▶ _What is needed_: All of the data should be restated word for word.

[Opening Entries provided section]

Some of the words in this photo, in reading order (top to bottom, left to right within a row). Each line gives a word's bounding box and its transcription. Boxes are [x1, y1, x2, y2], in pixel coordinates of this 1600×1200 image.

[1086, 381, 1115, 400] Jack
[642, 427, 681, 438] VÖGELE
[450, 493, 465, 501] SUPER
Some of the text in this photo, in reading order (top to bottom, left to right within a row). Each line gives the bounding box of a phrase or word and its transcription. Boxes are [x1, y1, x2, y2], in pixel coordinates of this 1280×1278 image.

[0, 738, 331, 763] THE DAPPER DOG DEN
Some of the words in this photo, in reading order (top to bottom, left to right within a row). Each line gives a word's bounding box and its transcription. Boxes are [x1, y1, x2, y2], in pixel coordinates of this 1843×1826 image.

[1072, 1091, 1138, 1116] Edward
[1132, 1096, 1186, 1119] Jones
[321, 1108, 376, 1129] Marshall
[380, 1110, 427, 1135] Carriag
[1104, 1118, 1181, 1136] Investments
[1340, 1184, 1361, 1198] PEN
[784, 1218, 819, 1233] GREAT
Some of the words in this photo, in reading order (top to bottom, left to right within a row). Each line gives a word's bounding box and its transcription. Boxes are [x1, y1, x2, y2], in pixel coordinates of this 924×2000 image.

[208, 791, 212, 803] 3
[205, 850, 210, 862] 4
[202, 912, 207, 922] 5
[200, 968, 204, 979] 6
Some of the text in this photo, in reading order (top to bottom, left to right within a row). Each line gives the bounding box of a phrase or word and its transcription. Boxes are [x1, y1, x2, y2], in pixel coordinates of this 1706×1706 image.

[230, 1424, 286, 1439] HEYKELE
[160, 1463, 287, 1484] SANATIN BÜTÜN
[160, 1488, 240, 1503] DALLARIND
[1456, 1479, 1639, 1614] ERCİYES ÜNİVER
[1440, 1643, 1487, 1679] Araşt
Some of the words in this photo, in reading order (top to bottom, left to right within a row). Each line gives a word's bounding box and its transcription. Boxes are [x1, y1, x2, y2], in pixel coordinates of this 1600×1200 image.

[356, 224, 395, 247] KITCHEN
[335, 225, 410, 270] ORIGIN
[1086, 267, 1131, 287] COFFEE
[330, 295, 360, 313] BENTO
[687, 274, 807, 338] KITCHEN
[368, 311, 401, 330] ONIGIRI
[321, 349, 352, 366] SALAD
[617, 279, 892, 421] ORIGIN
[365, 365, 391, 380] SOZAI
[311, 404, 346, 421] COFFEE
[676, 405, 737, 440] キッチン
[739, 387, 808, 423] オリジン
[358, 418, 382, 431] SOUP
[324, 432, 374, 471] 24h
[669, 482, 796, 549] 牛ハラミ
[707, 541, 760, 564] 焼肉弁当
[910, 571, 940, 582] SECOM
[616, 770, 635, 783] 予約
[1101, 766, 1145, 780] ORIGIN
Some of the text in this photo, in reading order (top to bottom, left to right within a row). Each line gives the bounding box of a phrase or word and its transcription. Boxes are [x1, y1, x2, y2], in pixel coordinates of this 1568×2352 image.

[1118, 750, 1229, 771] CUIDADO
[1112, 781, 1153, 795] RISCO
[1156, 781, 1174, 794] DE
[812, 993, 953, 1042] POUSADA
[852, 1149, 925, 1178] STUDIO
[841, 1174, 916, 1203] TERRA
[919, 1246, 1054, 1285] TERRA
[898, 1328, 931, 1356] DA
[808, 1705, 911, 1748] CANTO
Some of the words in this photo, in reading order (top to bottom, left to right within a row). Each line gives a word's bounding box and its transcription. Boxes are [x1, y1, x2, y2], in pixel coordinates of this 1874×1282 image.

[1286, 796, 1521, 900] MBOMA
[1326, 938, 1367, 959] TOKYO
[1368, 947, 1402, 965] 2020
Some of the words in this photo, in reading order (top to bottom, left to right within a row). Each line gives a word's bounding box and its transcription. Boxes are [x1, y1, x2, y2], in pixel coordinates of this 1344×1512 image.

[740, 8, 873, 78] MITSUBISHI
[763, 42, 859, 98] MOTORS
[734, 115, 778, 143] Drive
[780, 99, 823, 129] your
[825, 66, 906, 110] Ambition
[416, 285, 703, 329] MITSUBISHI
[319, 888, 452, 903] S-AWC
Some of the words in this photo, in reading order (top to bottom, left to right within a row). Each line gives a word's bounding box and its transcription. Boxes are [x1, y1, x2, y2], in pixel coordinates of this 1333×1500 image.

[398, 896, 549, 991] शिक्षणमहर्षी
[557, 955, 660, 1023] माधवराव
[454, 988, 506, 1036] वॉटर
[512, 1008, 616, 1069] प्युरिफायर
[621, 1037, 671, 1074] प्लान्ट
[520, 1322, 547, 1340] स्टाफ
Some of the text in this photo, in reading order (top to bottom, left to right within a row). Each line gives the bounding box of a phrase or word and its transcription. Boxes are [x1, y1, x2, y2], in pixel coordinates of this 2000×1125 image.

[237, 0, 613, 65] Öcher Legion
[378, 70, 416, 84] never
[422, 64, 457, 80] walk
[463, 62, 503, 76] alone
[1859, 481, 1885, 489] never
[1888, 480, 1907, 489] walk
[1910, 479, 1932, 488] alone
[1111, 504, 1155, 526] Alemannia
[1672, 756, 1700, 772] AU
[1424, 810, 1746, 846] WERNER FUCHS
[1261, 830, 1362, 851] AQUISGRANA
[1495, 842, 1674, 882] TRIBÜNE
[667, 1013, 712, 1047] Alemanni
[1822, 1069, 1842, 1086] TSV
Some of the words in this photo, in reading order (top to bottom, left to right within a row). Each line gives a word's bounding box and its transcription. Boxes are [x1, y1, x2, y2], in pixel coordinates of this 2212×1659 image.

[Closing Entries provided section]

▶ _Answer space_:
Some of the words in this photo, in reading order (top to bottom, left to right within a row). Each line gives a word's bounding box and its transcription. Boxes are [x1, y1, x2, y2], in pixel coordinates of this 1600×1200 image.

[1086, 381, 1115, 400] Jack
[642, 427, 681, 438] VÖGELE
[450, 493, 465, 501] SUPER
Some of the text in this photo, in reading order (top to bottom, left to right within a row). Each line gives the bounding box of a phrase or word and its transcription. Boxes are [x1, y1, x2, y2], in pixel coordinates of this 1280×1278 image.

[0, 738, 331, 763] THE DAPPER DOG DEN
Some of the words in this photo, in reading order (top to bottom, left to right within a row). Each line gives a word's bounding box and its transcription. Boxes are [x1, y1, x2, y2], in pixel coordinates of this 1843×1826 image.

[1072, 1091, 1138, 1116] Edward
[1132, 1096, 1186, 1119] Jones
[321, 1108, 376, 1129] Marshall
[380, 1110, 427, 1135] Carriag
[1104, 1118, 1181, 1136] Investments
[1340, 1184, 1361, 1198] PEN
[784, 1218, 819, 1233] GREAT
Some of the words in this photo, in reading order (top to bottom, left to right within a row). Each line gives a word's bounding box and its transcription. Boxes are [x1, y1, x2, y2], in pixel coordinates of this 924×2000 image.

[208, 791, 212, 803] 3
[205, 850, 210, 862] 4
[202, 912, 207, 922] 5
[200, 968, 204, 979] 6
Some of the text in this photo, in reading order (top to bottom, left to right within a row). Each line gives the bounding box of a phrase or word and its transcription. Boxes are [x1, y1, x2, y2], in pixel coordinates of this 1706×1706 image.

[230, 1424, 286, 1439] HEYKELE
[160, 1463, 287, 1484] SANATIN BÜTÜN
[160, 1488, 240, 1503] DALLARIND
[1456, 1479, 1639, 1614] ERCİYES ÜNİVER
[1440, 1643, 1487, 1679] Araşt
Some of the words in this photo, in reading order (top to bottom, left to right within a row). Each line gives a word's bounding box and its transcription. Boxes are [x1, y1, x2, y2], in pixel coordinates of this 1600×1200 image.

[356, 224, 395, 247] KITCHEN
[335, 225, 410, 270] ORIGIN
[1086, 267, 1131, 287] COFFEE
[330, 295, 360, 313] BENTO
[687, 274, 807, 338] KITCHEN
[368, 311, 401, 330] ONIGIRI
[321, 349, 352, 366] SALAD
[617, 279, 892, 421] ORIGIN
[365, 365, 391, 380] SOZAI
[311, 404, 346, 421] COFFEE
[676, 405, 737, 440] キッチン
[739, 387, 808, 423] オリジン
[358, 418, 382, 431] SOUP
[324, 432, 374, 471] 24h
[669, 482, 796, 549] 牛ハラミ
[707, 541, 760, 564] 焼肉弁当
[910, 571, 940, 582] SECOM
[616, 770, 635, 783] 予約
[1101, 766, 1145, 780] ORIGIN
Some of the text in this photo, in reading order (top to bottom, left to right within a row). Each line gives the bounding box of a phrase or word and its transcription. Boxes are [x1, y1, x2, y2], in pixel coordinates of this 1568×2352 image.

[1118, 750, 1229, 771] CUIDADO
[1112, 781, 1153, 795] RISCO
[1156, 781, 1174, 794] DE
[812, 993, 953, 1042] POUSADA
[852, 1149, 925, 1178] STUDIO
[841, 1174, 916, 1203] TERRA
[919, 1246, 1054, 1285] TERRA
[898, 1328, 931, 1356] DA
[808, 1705, 911, 1748] CANTO
Some of the words in this photo, in reading order (top to bottom, left to right within a row). Each line gives a word's bounding box and its transcription. Boxes are [x1, y1, x2, y2], in pixel coordinates of this 1874×1282 image.

[1286, 796, 1521, 900] MBOMA
[1326, 938, 1367, 959] TOKYO
[1368, 947, 1402, 965] 2020
Some of the words in this photo, in reading order (top to bottom, left to right within a row). Each line gives a word's bounding box and its transcription. Boxes are [x1, y1, x2, y2], in pixel coordinates of this 1344×1512 image.

[740, 8, 873, 78] MITSUBISHI
[763, 42, 859, 98] MOTORS
[734, 115, 778, 143] Drive
[780, 99, 823, 129] your
[825, 66, 906, 110] Ambition
[416, 285, 703, 329] MITSUBISHI
[319, 888, 452, 903] S-AWC
Some of the words in this photo, in reading order (top to bottom, left to right within a row). Each line gives a word's bounding box and its transcription. Boxes are [x1, y1, x2, y2], in pixel coordinates of this 1333×1500 image.

[398, 896, 549, 991] शिक्षणमहर्षी
[557, 955, 660, 1023] माधवराव
[454, 988, 506, 1036] वॉटर
[512, 1008, 616, 1069] प्युरिफायर
[621, 1037, 671, 1074] प्लान्ट
[520, 1322, 547, 1340] स्टाफ
Some of the text in this photo, in reading order (top to bottom, left to right within a row). Each line gives the bounding box of a phrase or word and its transcription. Boxes are [x1, y1, x2, y2], in pixel coordinates of this 2000×1125 image.

[237, 0, 613, 65] Öcher Legion
[378, 70, 416, 84] never
[422, 64, 457, 80] walk
[463, 62, 503, 76] alone
[1859, 481, 1885, 489] never
[1888, 480, 1907, 489] walk
[1910, 479, 1932, 488] alone
[1111, 504, 1155, 526] Alemannia
[1672, 756, 1700, 772] AU
[1424, 810, 1746, 846] WERNER FUCHS
[1261, 830, 1362, 851] AQUISGRANA
[1495, 842, 1674, 882] TRIBÜNE
[667, 1013, 712, 1047] Alemanni
[1822, 1069, 1842, 1086] TSV
Some of the words in this photo, in reading order (top to bottom, left to right within a row). Each line gives a word's bounding box and its transcription. Boxes are [x1, y1, x2, y2], in pixel coordinates of this 2212×1659 image.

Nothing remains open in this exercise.